I realised it doesn’t have to be scary to open myself up to a bigger conversation about what people like to eat. What I choose to eat isn’t an attack on what someone else puts on their plate. And someone asking about my diet doesn’t mean I need to get out spears and snares to defend what’s on my fork.
6.
Now about 95% of my diet, by number of meals, even less by calories, is from plants. If we eat three meals a day for thirty days, that’s about five meals a month that might have some animal product: cheese in a friend’s cooking, egg-whites in the yummier Quorn products, gelato on a rare boiling summer day, battered shrimp at our favourite place to celebrate anniversaries.

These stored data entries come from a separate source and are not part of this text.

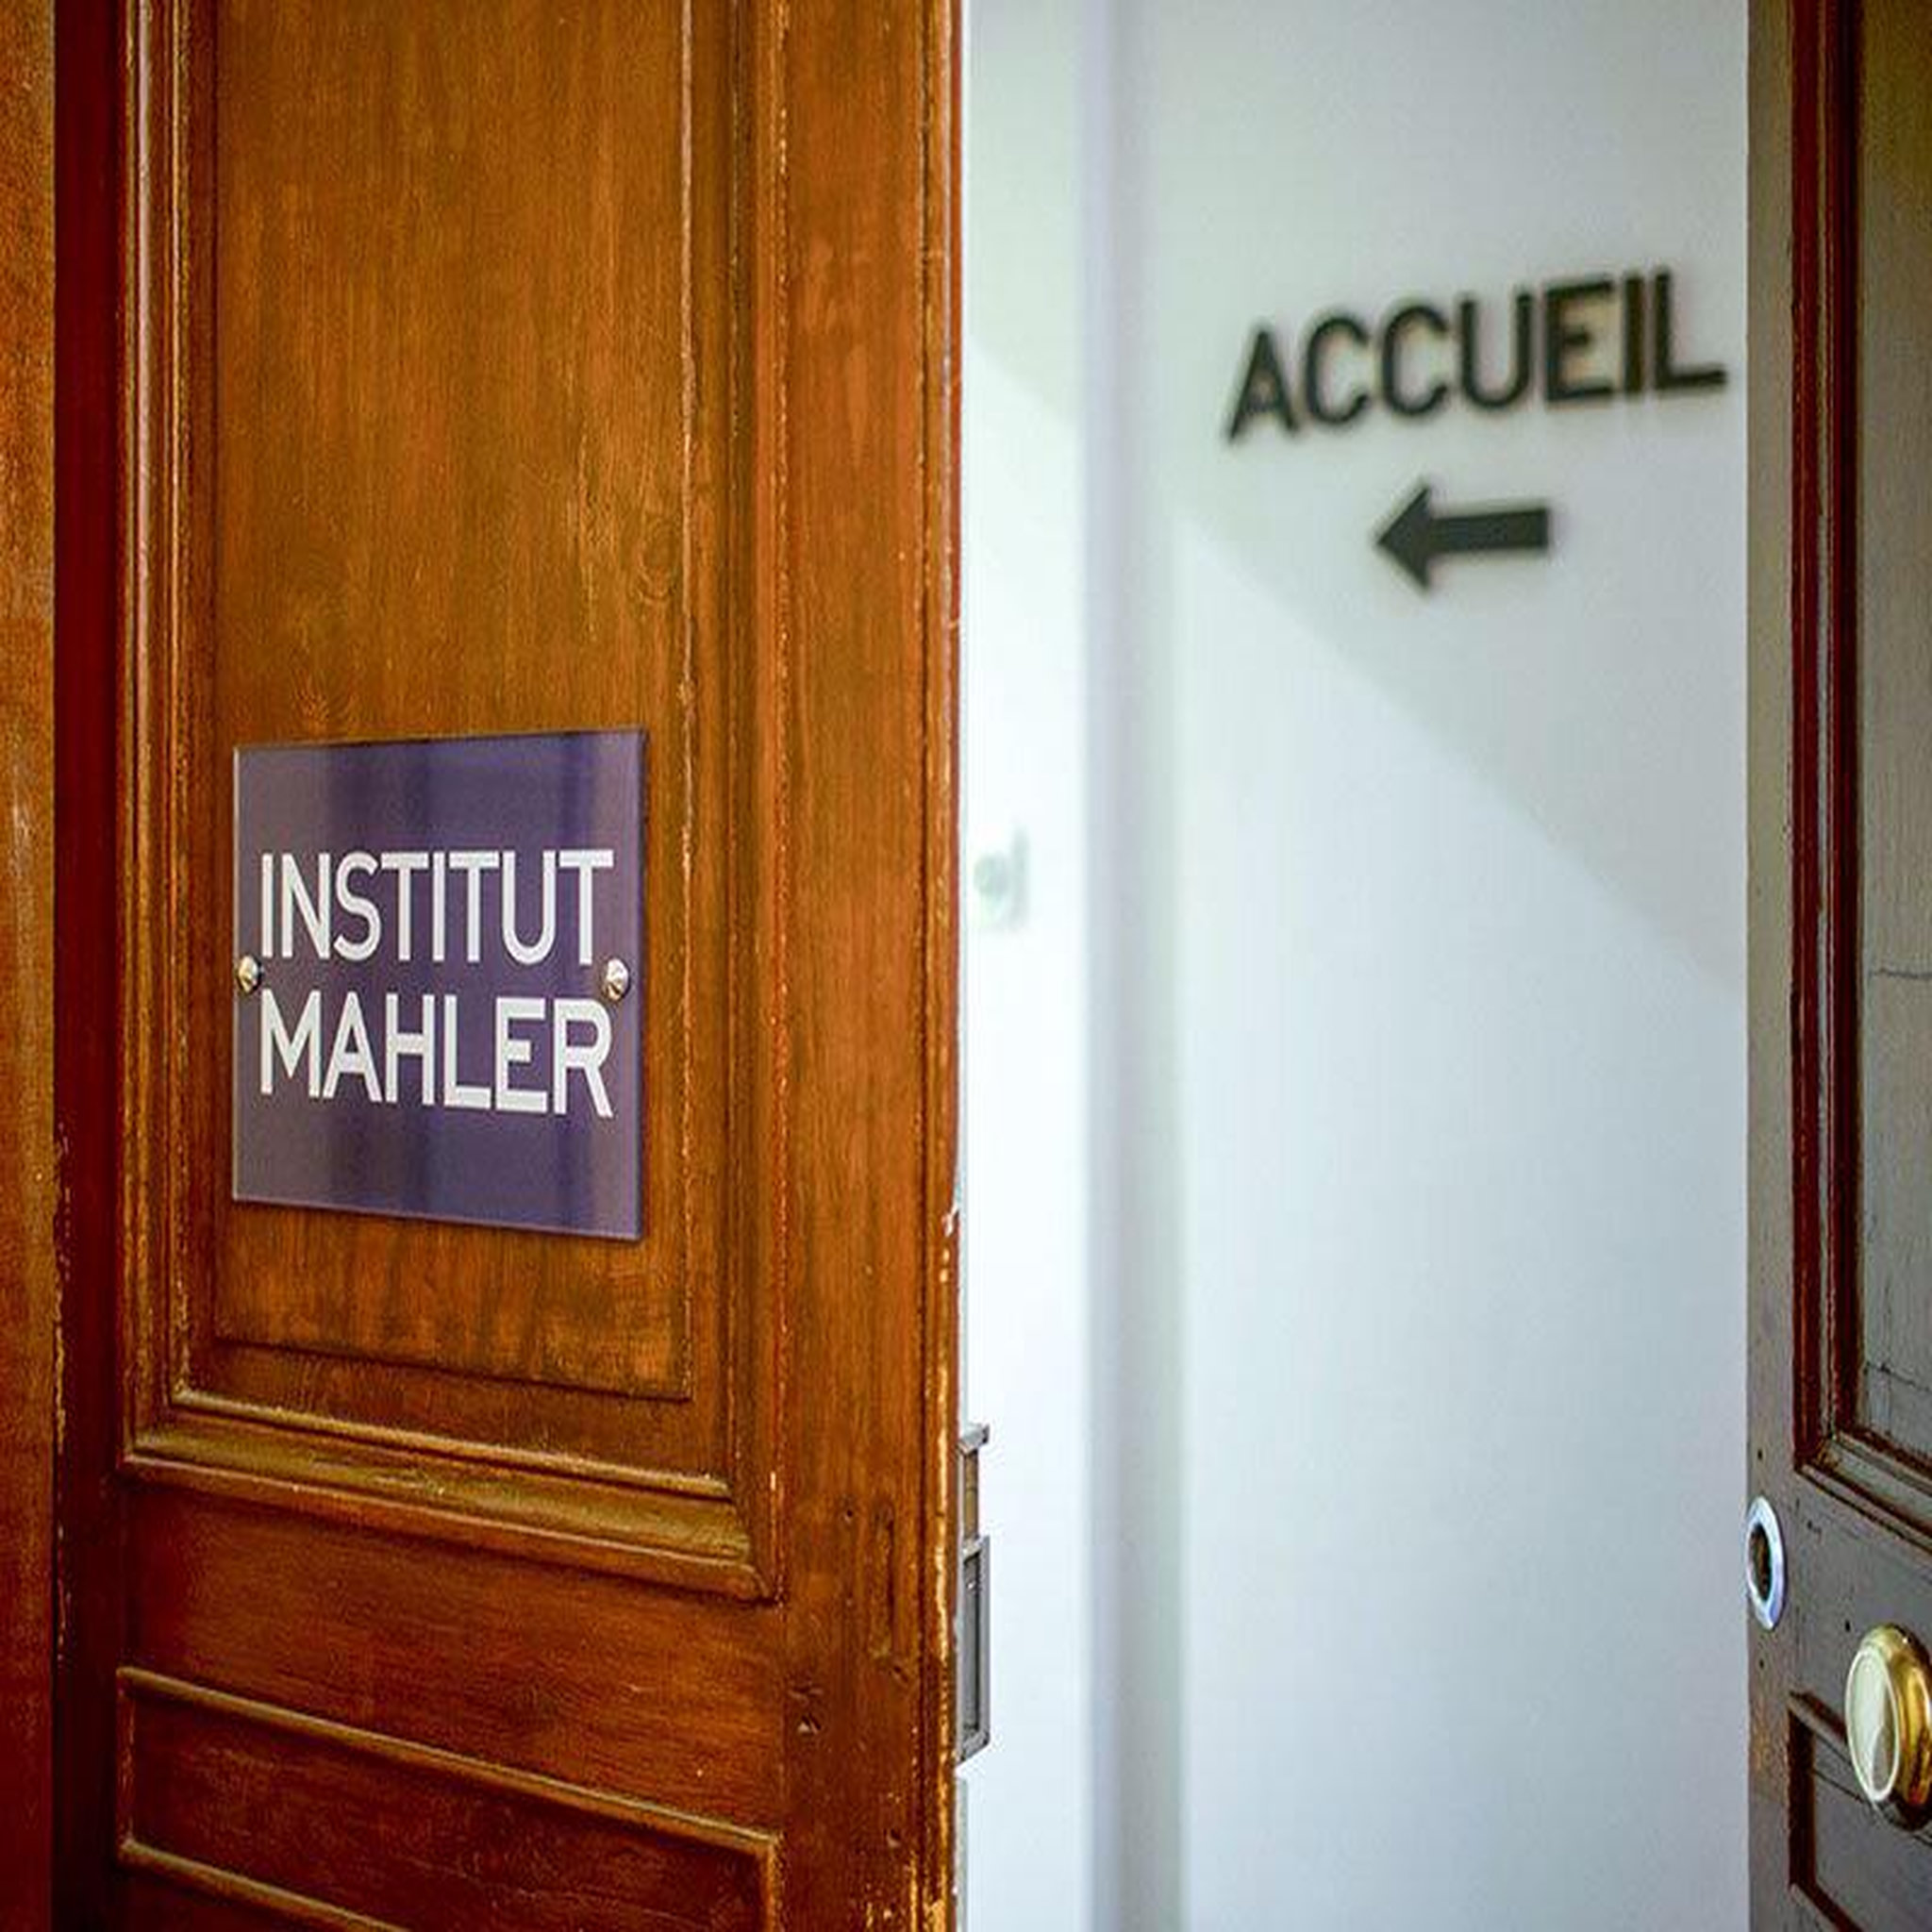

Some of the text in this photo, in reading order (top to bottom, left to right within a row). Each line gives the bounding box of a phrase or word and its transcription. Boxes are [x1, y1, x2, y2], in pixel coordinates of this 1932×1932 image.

[1226, 266, 1729, 441] ACCUEIL
[261, 849, 614, 966] INSTITUT
[260, 989, 614, 1119] MAHLER
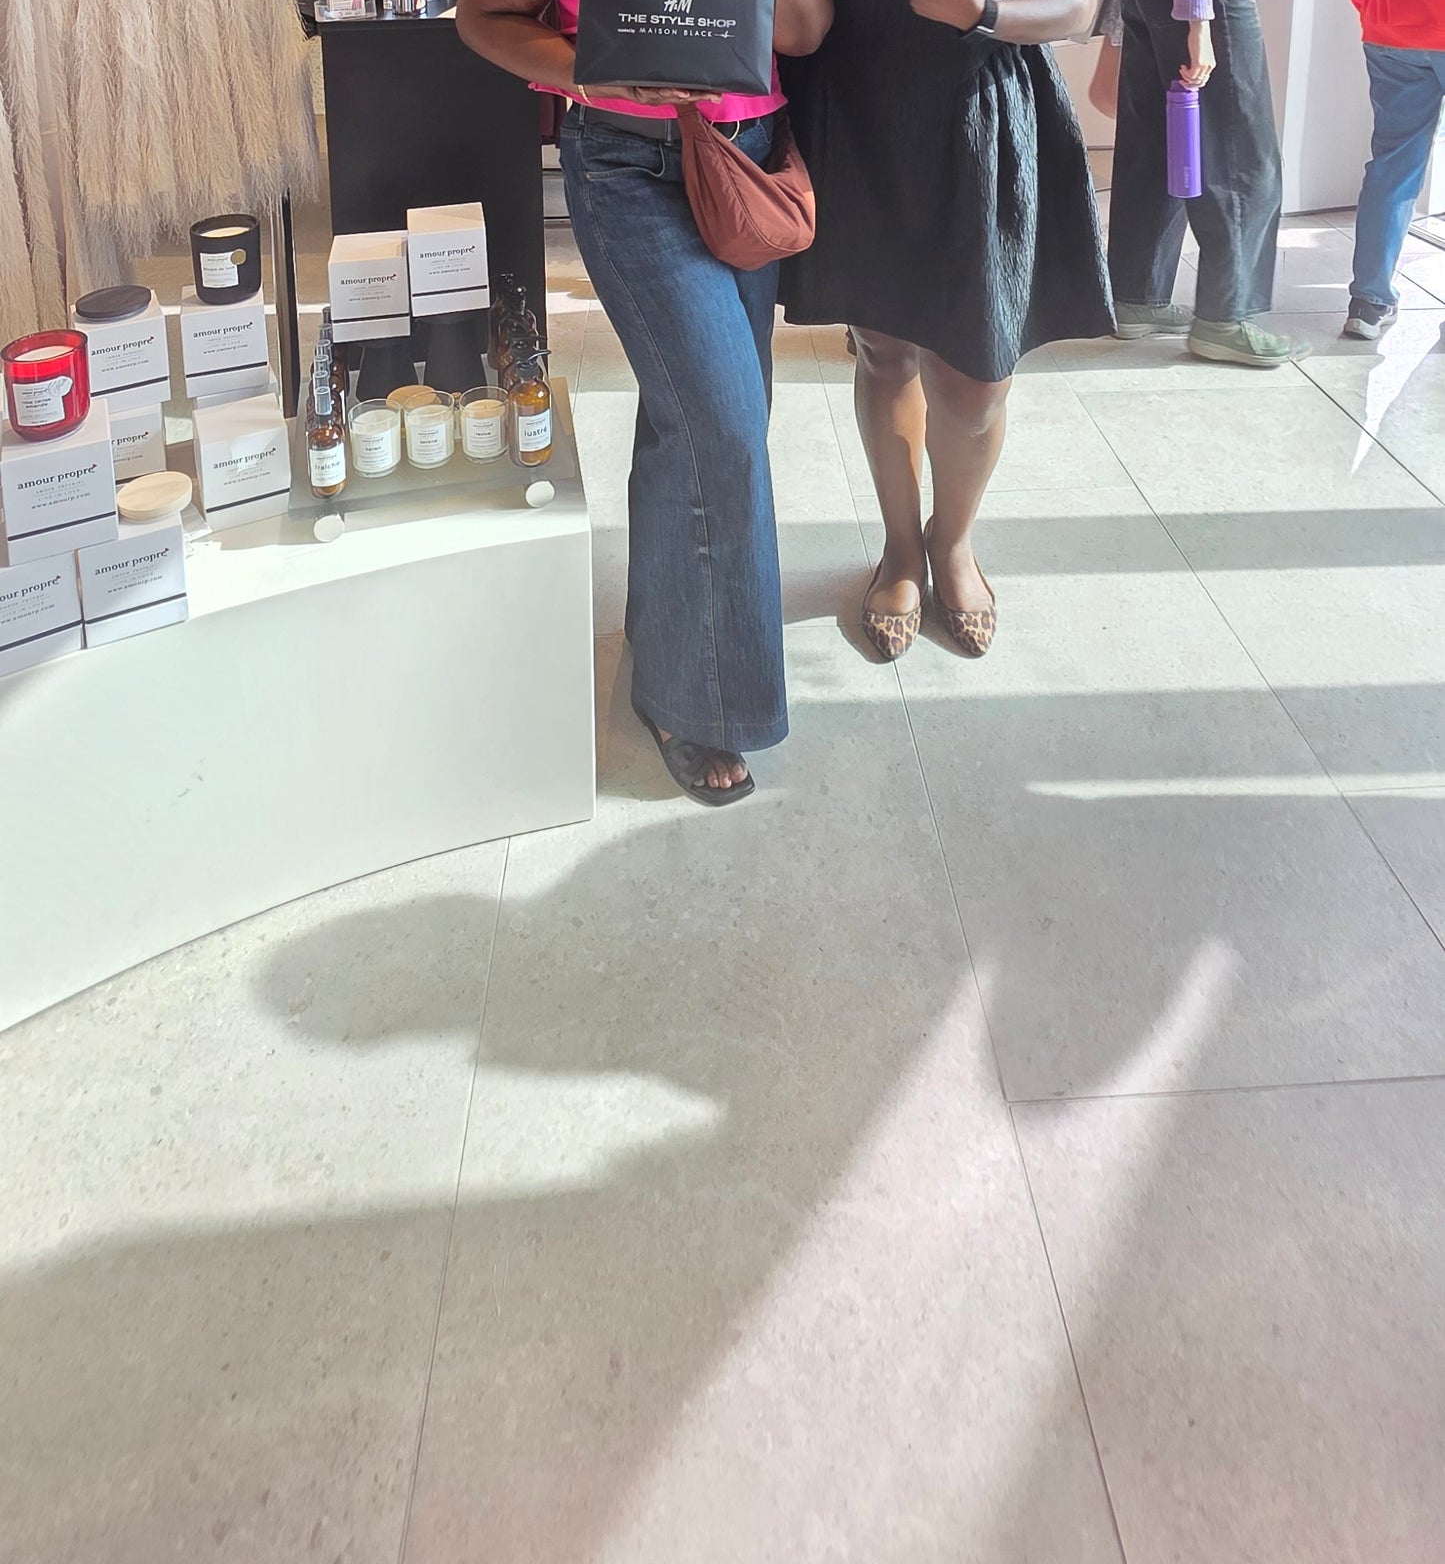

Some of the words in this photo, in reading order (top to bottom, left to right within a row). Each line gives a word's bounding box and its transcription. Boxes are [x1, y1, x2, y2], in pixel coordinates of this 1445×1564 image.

[618, 13, 647, 23] THE
[650, 15, 695, 26] STYLE
[697, 17, 737, 28] SHOP
[683, 29, 713, 37] BLACK
[420, 250, 446, 258] amour
[193, 328, 221, 338] amour
[91, 345, 121, 356] amour
[213, 457, 243, 469] amour
[17, 475, 55, 490] amour
[95, 561, 131, 575] amour
[0, 590, 19, 602] our
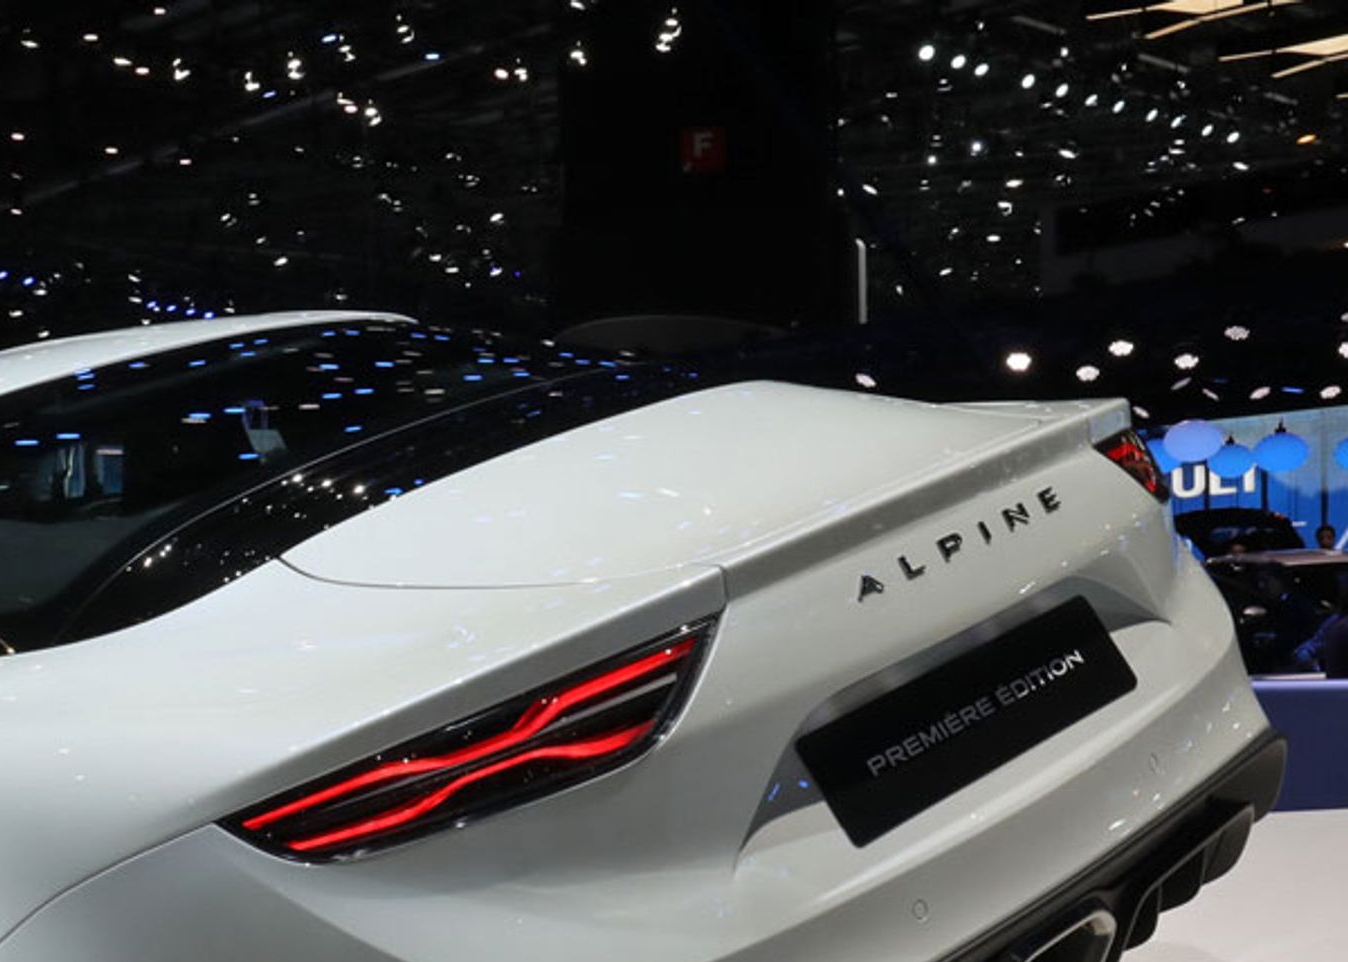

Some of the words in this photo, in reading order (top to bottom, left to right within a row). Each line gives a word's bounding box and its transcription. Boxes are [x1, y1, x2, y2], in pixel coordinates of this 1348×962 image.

For most of my vegan flirtation, and honestly still at times, I would have felt shame for my slips, my inconsistencies, the times that I don’t manage to be a 100% vegan. And yet perfectionism, and the guilt and anxiety co-morbid with this thought pattern, is something I’ve been intentionally rooting out of my life like a gardener after dandelions. Perfectionism stops me from trying, and failing, and that’s how we learn and grow. I’ve had some people tell me I can’t claim to be vegan when I accept a splash of cow-milk. I can let them be wrong about me. I’ve accepted, even celebrated imperfectionism, in my writing, my home decor, my body. I’ll embrace it here to. I’ll get curious about the causes for my lapses, curious about our agricultural system and its use or abuse of animals.
Curiosity started me on this path when I asked a bright-eyed woman why she drank soymilk and staying open to talking about vegan motivations will keep me experimenting and expanding and excited.
I’m an imperfect vegan now. My taste buds change with intentionality.